A cutting-edge machine-learning model has the pharmaceutical world buzzing with its potential to pinpoint harmful drug combos before they cause any real trouble. This leap in drug safety comes from researchers at MIT, Brigham and Women's Hospital, and Duke University who've developed a way to identify which cellular transporters various drugs use to pass through the gut, as reported by MIT News.
The resourcefulness of the model lies squarely in its ability to rapidly predict how certain drugs might clash in the body, a benefit not to be taken lightly, particularly when considering the stakes of prescribing ineffective or even dangerous medication combos. Giovanni Traverso, an associate professor at MIT and a gastroenterologist at Brigham and Women’s Hospital, stated, "This study is all about how we can model those interactions, which could help us make drugs safer and more efficacious, and predict potential toxicities that may have been difficult to predict until now."
It seems that a handful of drugs, like the antibiotic doxycycline and the blood thinner warfarin, could be more of frenemies than friends. Their interaction was among the nearly 2 million flagged by the model. What’s more, the trouble doesn't stop there; doxycycline might also tango poorly with heart failure drug digoxin, antiseizure medication levetiracetam, and immunosuppressant tacrolimus. Historically, the guessing game of drug interactions has put patients at unforeseen risk, but this tool promises to minimize the gamble on patients’ health.

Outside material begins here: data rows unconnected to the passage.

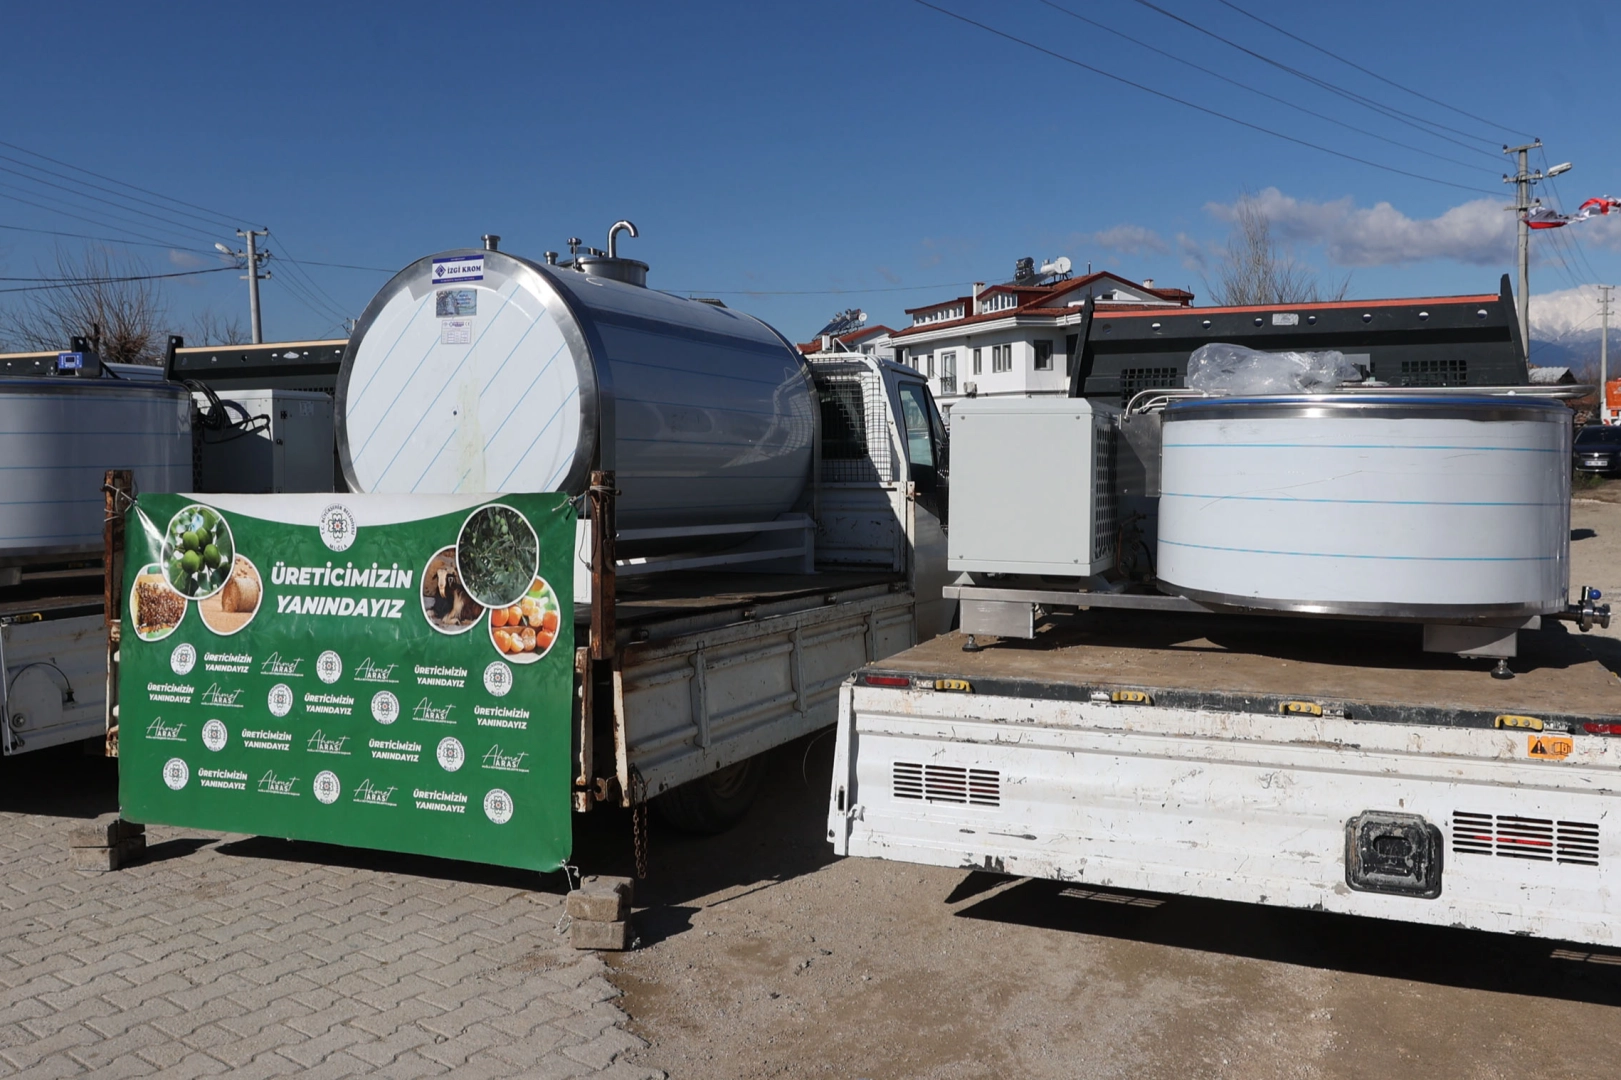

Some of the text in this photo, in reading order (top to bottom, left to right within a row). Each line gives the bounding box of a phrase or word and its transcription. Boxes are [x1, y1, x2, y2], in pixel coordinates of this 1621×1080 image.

[448, 265, 481, 274] İZGİ KROM
[271, 561, 413, 588] ÜRETİCİMİZİN
[277, 595, 405, 618] YANINDAYIZ
[204, 652, 252, 663] ÜRETİCİMİZİN
[205, 664, 249, 673] YANINDAYIZ
[414, 665, 468, 677] ÜRETİCİMİZİN
[147, 682, 194, 694] ÜRETİCİMİZİN
[417, 677, 465, 688] YANINDAYIZ
[149, 694, 191, 703] YANINDAYIZ
[304, 692, 354, 705] ÜRETİCİMİZİN
[306, 705, 352, 715] YANINDAYIZ
[474, 705, 530, 719] ÜRETİCİMİZİN
[477, 718, 527, 729] YANINDAYIZ
[242, 729, 292, 741] ÜRETİCİMİZİN
[244, 740, 290, 751] YANINDAYIZ
[369, 738, 421, 752] ÜRETİCİMİZİN
[372, 751, 419, 762] YANINDAYIZ
[496, 760, 517, 768] ARAS
[198, 768, 247, 780] ÜRETİCİMİZİN
[200, 780, 246, 790] YANINDAYIZ
[413, 788, 468, 803] ÜRETİCİMİZİN
[416, 801, 465, 813] YANINDAYIZ
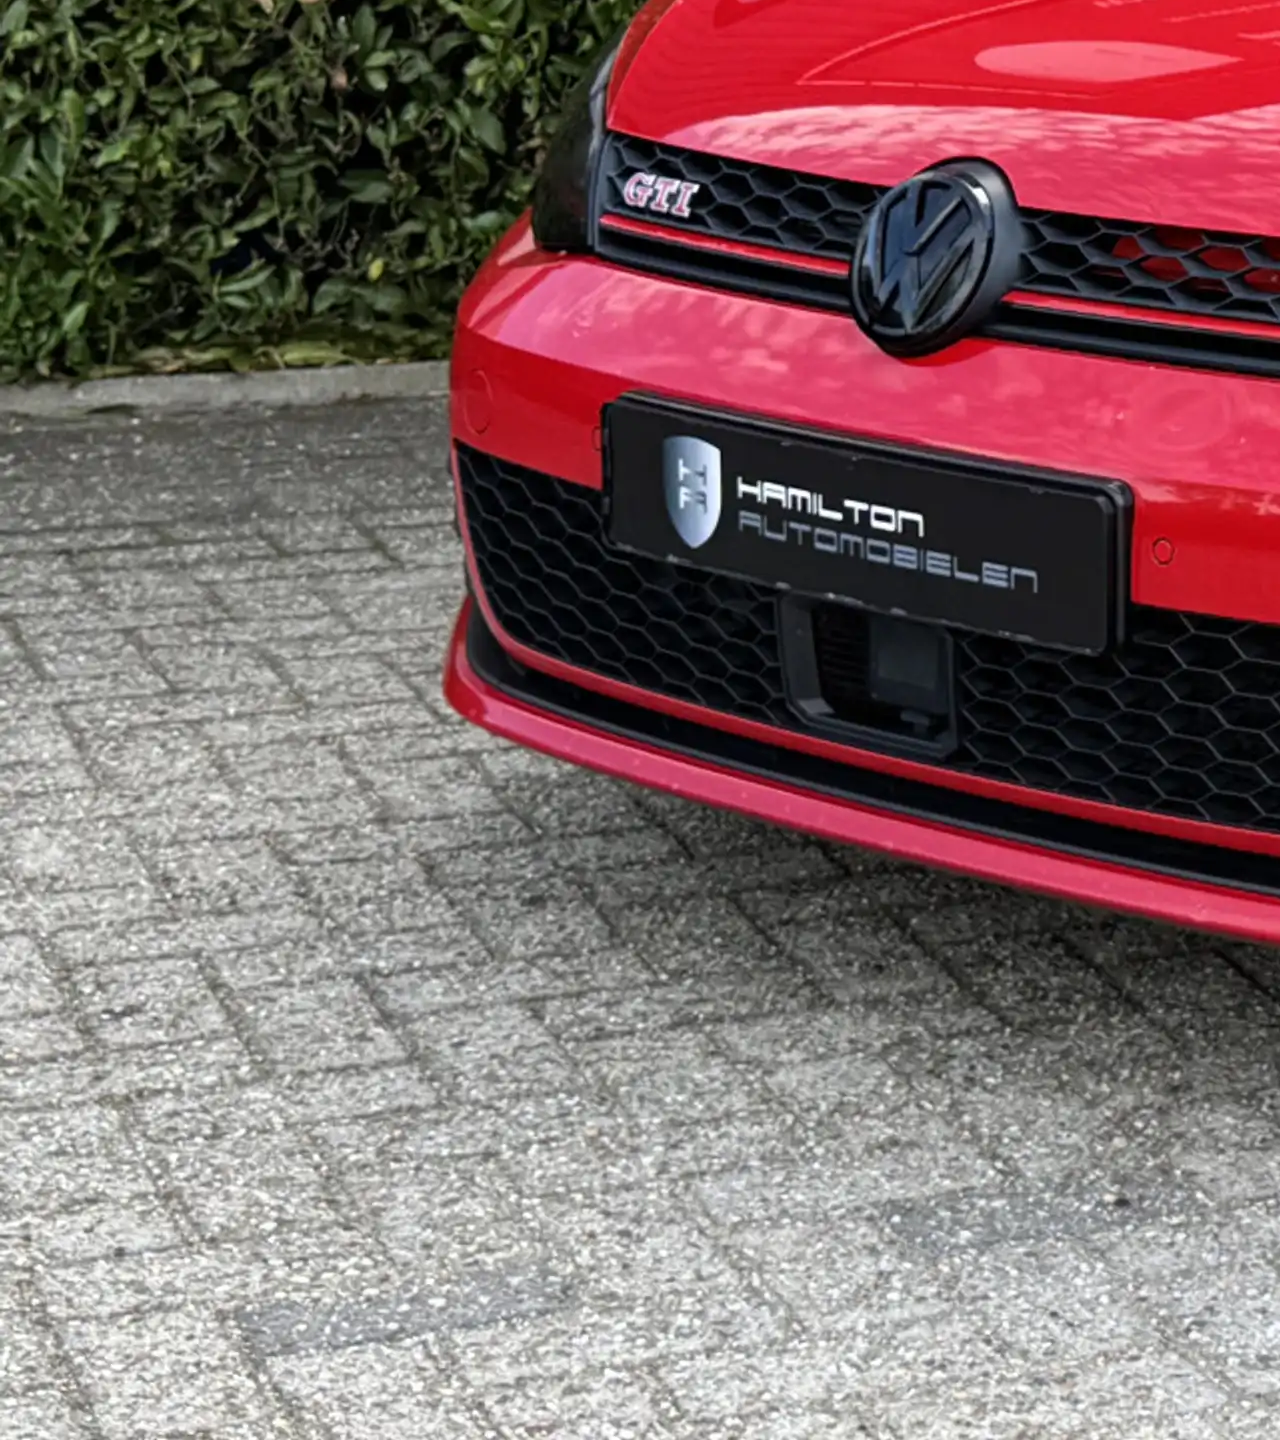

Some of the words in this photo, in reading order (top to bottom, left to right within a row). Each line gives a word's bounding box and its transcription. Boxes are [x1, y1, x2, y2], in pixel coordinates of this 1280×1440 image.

[624, 171, 700, 218] GTI
[737, 475, 925, 538] HAMILTON
[737, 510, 1038, 594] AUTOMOBIELEN

To double-check their model like a good math student always should, the researchers turned to real-world data, confirming their suspicions that doxycycline can certainly cause levels of warfarin in the bloodstream to spike, and then drop after discontinuing the antibiotic. Despite such findings being no less than a revelation in the field of drug safety, the model has been keenly eyed for its potential to prevent drug interaction issues right from the development phase of new medications. Former MIT postdoc and now Vivtex co-founder, Thomas von Erlach, together with his colleagues, are looking to take this prevention strategy and run all the way to healthier future drug development.

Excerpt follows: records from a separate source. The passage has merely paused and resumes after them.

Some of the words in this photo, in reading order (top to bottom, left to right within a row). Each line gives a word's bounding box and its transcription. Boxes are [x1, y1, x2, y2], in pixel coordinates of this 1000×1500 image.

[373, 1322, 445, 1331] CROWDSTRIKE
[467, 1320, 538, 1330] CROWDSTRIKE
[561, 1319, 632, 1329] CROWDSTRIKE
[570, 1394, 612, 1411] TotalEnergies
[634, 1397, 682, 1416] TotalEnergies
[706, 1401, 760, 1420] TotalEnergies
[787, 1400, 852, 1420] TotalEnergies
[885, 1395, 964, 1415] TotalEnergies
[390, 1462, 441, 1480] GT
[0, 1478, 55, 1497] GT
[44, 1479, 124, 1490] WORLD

This breakthrough is not only about preventing adverse effects; it's also about paving the way for drugs to be more effectively absorbed in the body. The approach developed by the researchers could allow drug developers to add excipients to new drugs, enhancing their interaction with transporters and thus their availability within the body. The big brains behind the research and this novel approach were funded by notables like the U.S. National Institutes of Health, MIT's Department of Mechanical Engineering, and Brigham and Women’s Hospital's Division of Gastroenterology. And believe it or not, this team included MIT Institute Professor Robert Langer and a whole roster of medical and engineering talent.